Carrefour SA, the world’s second-largest retailer, gained the most in France’s benchmark CAC 40 Index after reporting sales that signaled new Chief Executive Officer Georges Plassat’s turnaround plan may be working.
The shares rose as much as 5.6 percent to 16.89 euros, the steepest intraday advance since Aug. 30.
A 2.1 percent gain in third-quarter revenue to 22.6 billion euros ($29 billion) “demonstrates that Carrefour’s performance is stabilizing in France and the action plan by new CEO Plassat is starting to bear fruits,” Nicolas Champ, an analyst at Barclays Plc, said in a note to clients today.
Plassat, who replaced Lars Olofsson as CEO in May, is seeking to combat weak consumer spending in France and other European countries. His plan includes giving more control to store managers and maintaining low prices on food to attract shoppers to the grocer’s largest stores, as well as eliminating jobs and exiting some countries to generate cash and cut debt.
Sales at the Boulogne-Billancourt, France-based retailer beat the 22.4 billion-euro average of seven analysts’ estimates compiled by Bloomberg. In France, Carrefour’s largest market, sales increased 1.2 percent, the company said.
“We believe Carrefour’s momentum will improve only gradually and it will take time to rebuild confidence with investors,” Champ said.
The shares were up 4.6 percent at 16.73 euros as of 10:41 a.m., paring this year’s decline to 5 percent.
Carrefour, which has lowered its outlook for profit five times in the past two years, is “comfortable” with analysts’ consensus for full-year earnings before interest and tax of 2.07 billion euros to 2.1 billion euros, Chief Financial Officer Pierre-Jean Sivignon said today.
Same-store sales in the third quarter rose 0.2 percent, excluding currency swings and gasoline. Revenue on that basis declined 1.5 percent in France and 3.3 percent in the rest of Europe. Sales on the same basis advanced 10 percent in Latin American and decreased 3.1 percent in Asia, Carrefour said.
“In all, a rather reassuring publication,” Arnaud Joly, an analyst at CA Cheuvreux, said in a note. “That said, we fear a quick deterioration in consumer spending in France and we believe that the consensus for 2013 is still overoptimistic.”
Sales from convenience stores and other formats in France rose 3.1 percent on a same-store basis, excluding gasoline. Sales deteriorated in the grocer’s French hypermarkets, falling 3.3 percent on the same basis, though the decline was a 2 percentage point improvement on the previous quarter, Carrefour said. Supermarket sales were unchanged.
Same-store sales fell 5.4 percent in Spain and 6.6 percent in Italy, excluding currency swings and gasoline. Pressure on discretionary spending remained “intense” in Spain, while competitive pressure increased in Italy amid a significant drop in consumption, Carrefour said.
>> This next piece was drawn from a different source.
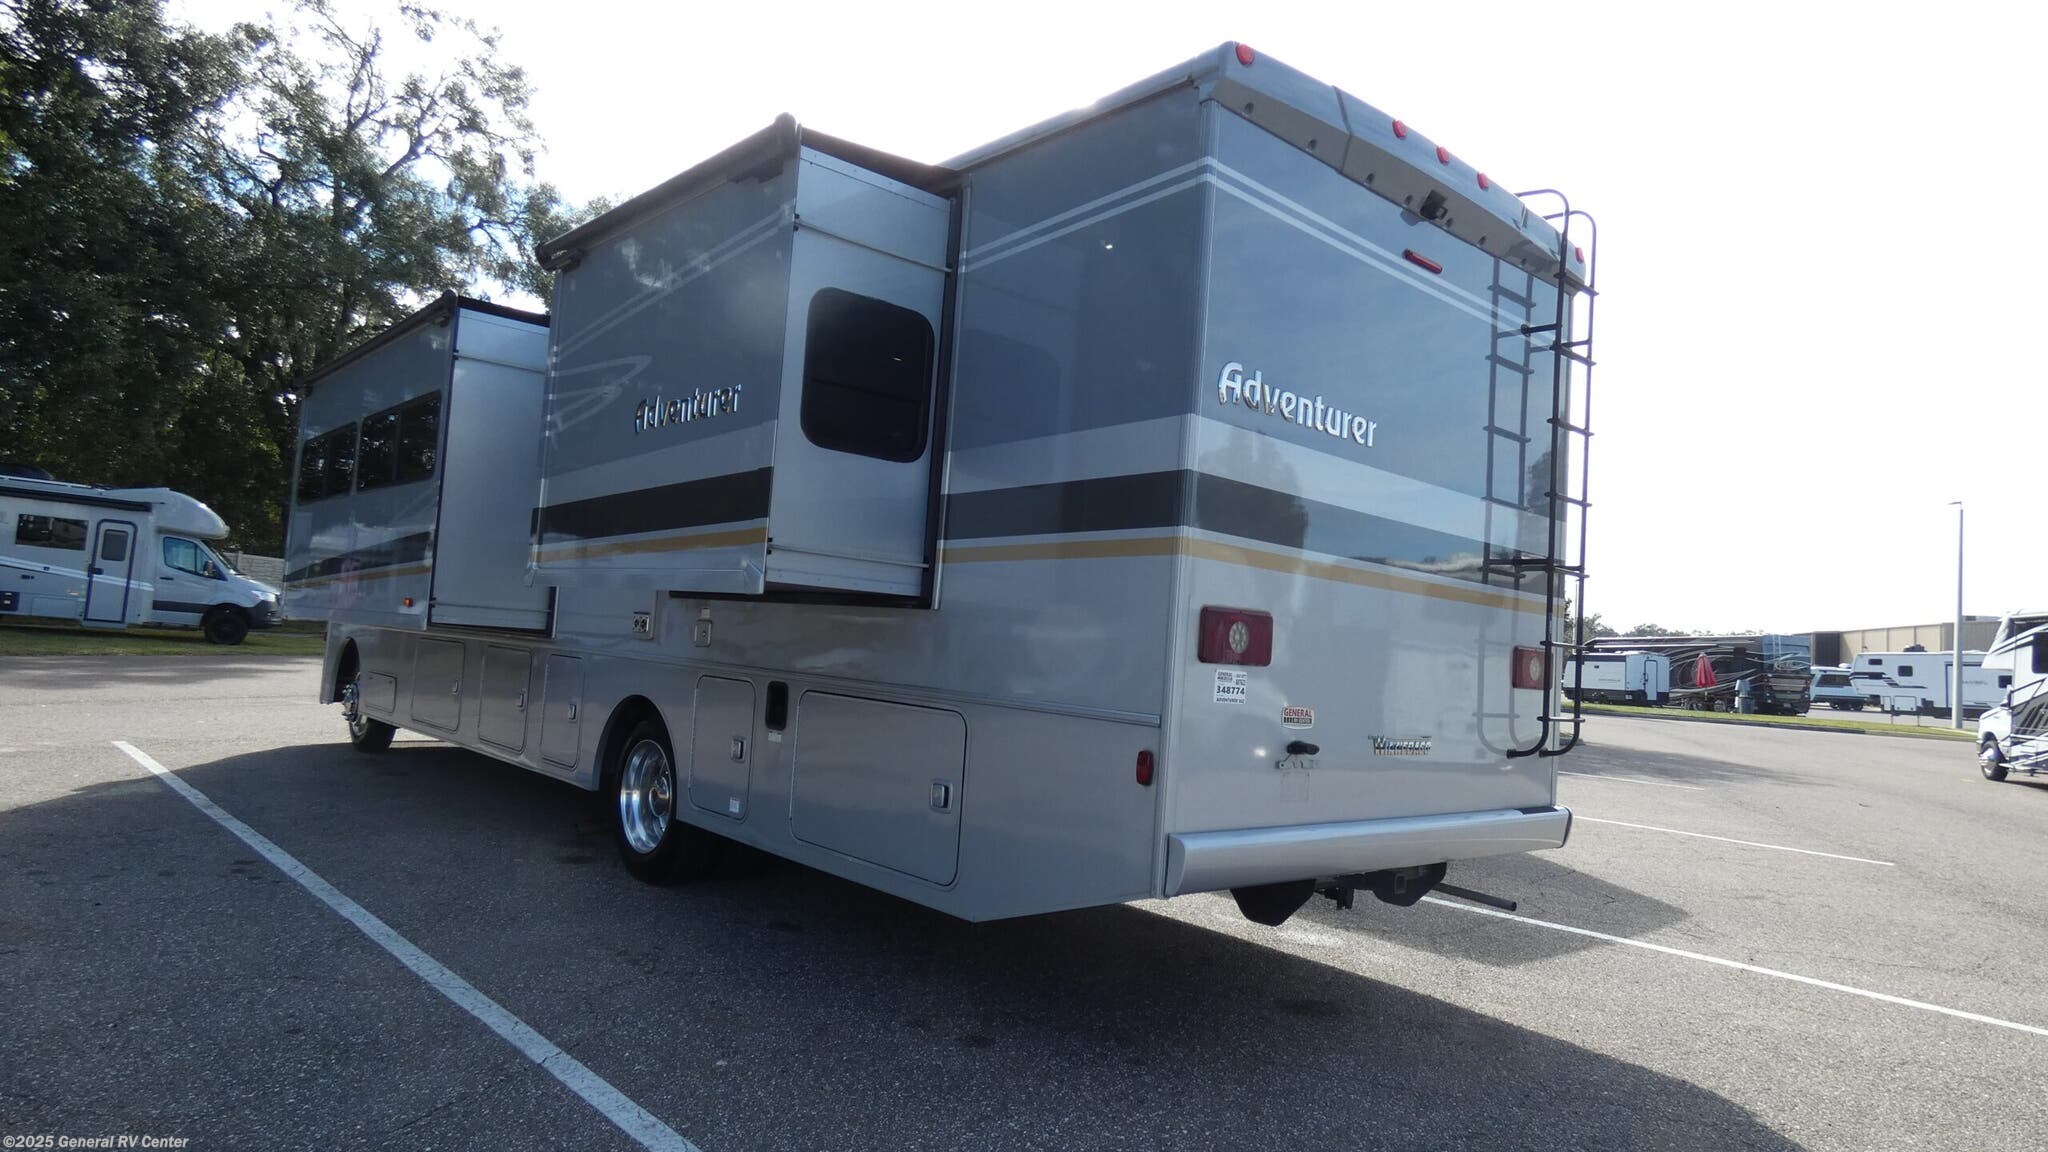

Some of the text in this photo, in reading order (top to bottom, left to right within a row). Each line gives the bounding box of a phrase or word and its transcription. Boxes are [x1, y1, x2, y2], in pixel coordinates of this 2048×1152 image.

Sales rose 2.1 percent in Belgium on the same basis, with all formats registering growth.
Latin America’s same-store sales growth, excluding currency swings and gasoline, was led by an 11 percent rise in countries excluding Brazil. Brazilian sales advanced 9.7 percent, with hypermarket revenue continuing to improve, Carrefour said.
Same-store sales fell 6.1 percent in China, excluding currency swings, and declined 3.1 percent in Asia.